What is the 2% TDS rule? ›

What is the rate of TDS? TDS is to be deducted at the rate of 2 percent on payments made to the supplier of taxable goods and/or services, where the total value of such supply, under an individual contract, exceeds Two Lakh Fifty Thousand Rupees.

What is the TDS 1% rule? ›

Under the income tax laws, any 'person' responsible for paying money to a resident individual to buy a house or any other immovable property (other than agricultural land), shall deduct tax at the time of making payment. TDS @ 1% must be deducted if the payment amount is Rs 50 lakh or more.

How to avoid 1% TDS? ›

Submit proof of investments to avoid higher TDS on salaries

However in the last three months of the financial year, the finance department sends emails to employees asking for proof of investments. Proposed declaration save you from TDS typically till first 3 quarters of the financial year which is till December.

Is it better to invest in the Indian stock market or the US stock market? ›

While the US market may provide broader international exposure, the Indian market's potential for high returns and its resilience, even during global downturns, should not be underestimated.

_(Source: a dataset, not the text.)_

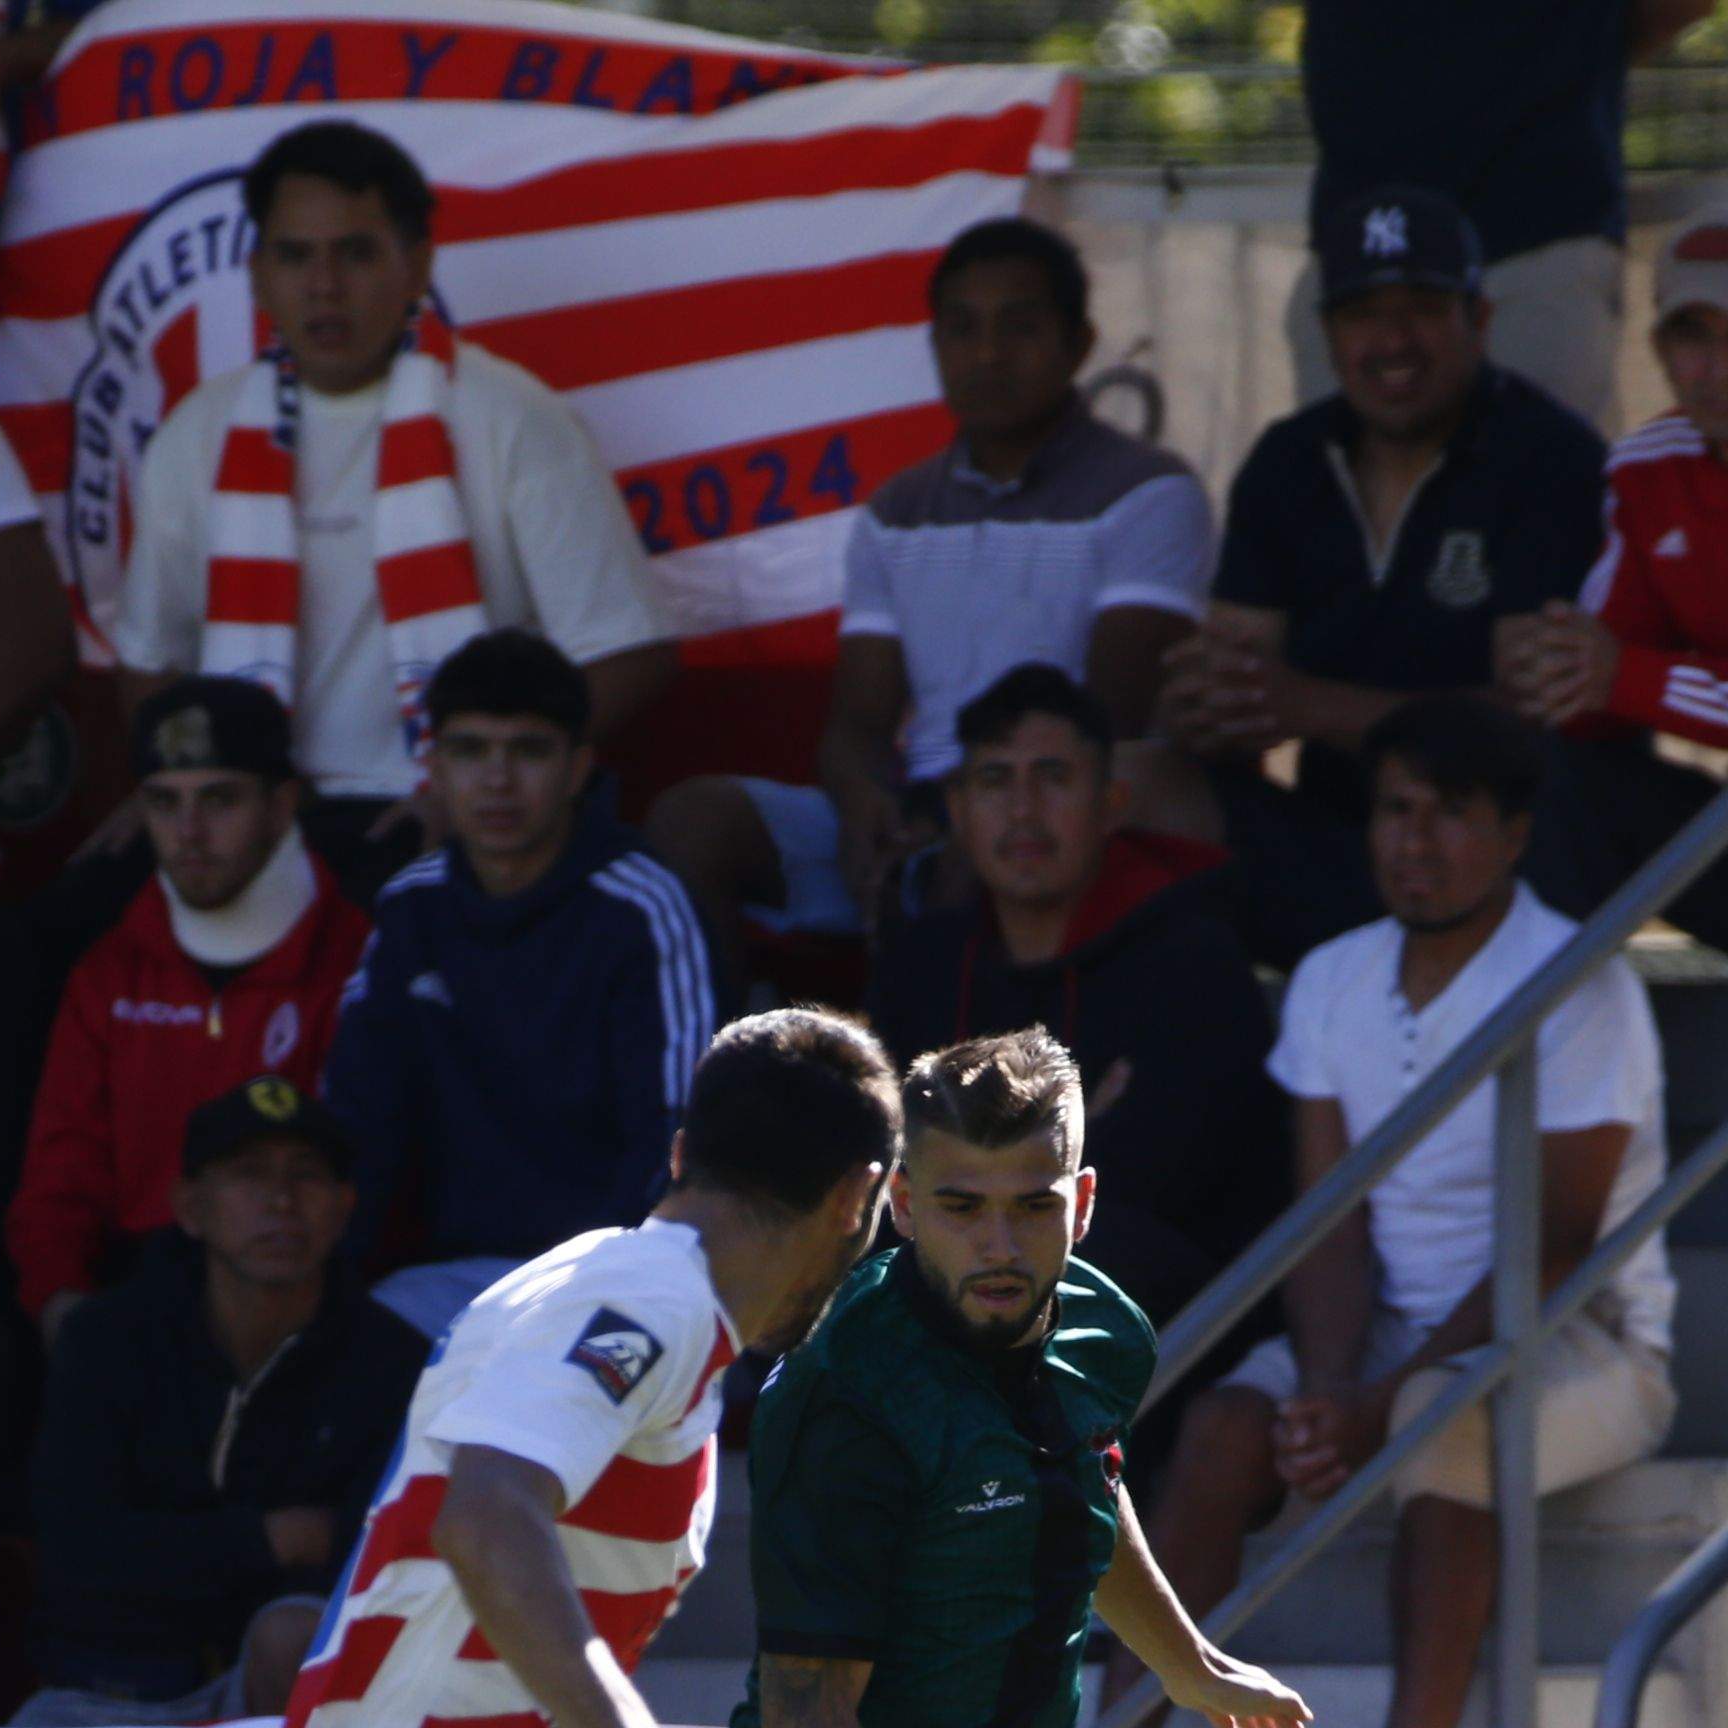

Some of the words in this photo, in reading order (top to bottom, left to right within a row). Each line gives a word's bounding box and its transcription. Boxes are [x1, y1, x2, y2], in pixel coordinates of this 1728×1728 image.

Is it better to invest in India or USA? ›

The US offers stability, a mature market, and transparent legal systems, making it an attractive option for risk-averse investors. On the other hand, India presents exciting growth prospects, but the regulatory landscape and potential volatility require a more strategic and informed approach.

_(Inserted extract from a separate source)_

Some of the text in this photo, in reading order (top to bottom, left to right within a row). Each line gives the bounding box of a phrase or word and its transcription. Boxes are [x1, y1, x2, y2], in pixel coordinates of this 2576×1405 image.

How does the US market affect the Indian market? ›

Impact of tariffs: When the US decides to ramp up trade tariffs, it can hurt Indian companies that export goods there, leading to reduced profits for these businesses. This situation could result in a drop in stock market values in both countries, as investors react to the potential decrease in trade and earnings.

Do I pay tax on US stocks? ›

Under the Treaty, a 15% withholding tax generally applies to U.S. dividends you receive from U.S. corporations. This will generally apply to dividends you receive on U.S. common and preferred shares.

How are foreign stocks taxed in the US? ›

When Americans buy stocks or bonds from foreign-based companies, any investment income (interest, dividends) and capital gains are subject to U.S. income tax and taxes levied by the company's home country.

What is the DTAA tax rate between India and USA? ›

Dividend Under DTAA between USA and India

15% of the gross amount if the dividend is received by a company having at least 10% of the company's shares. 25% of the gross amount in any other cases.

What is the DTAA between India and USA? ›

The primary objectives of the DTAA are to avoid double taxation on the same income, prevent tax evasion, and promote cross-border investments by clarifying taxing rights between India and the US on various types of income.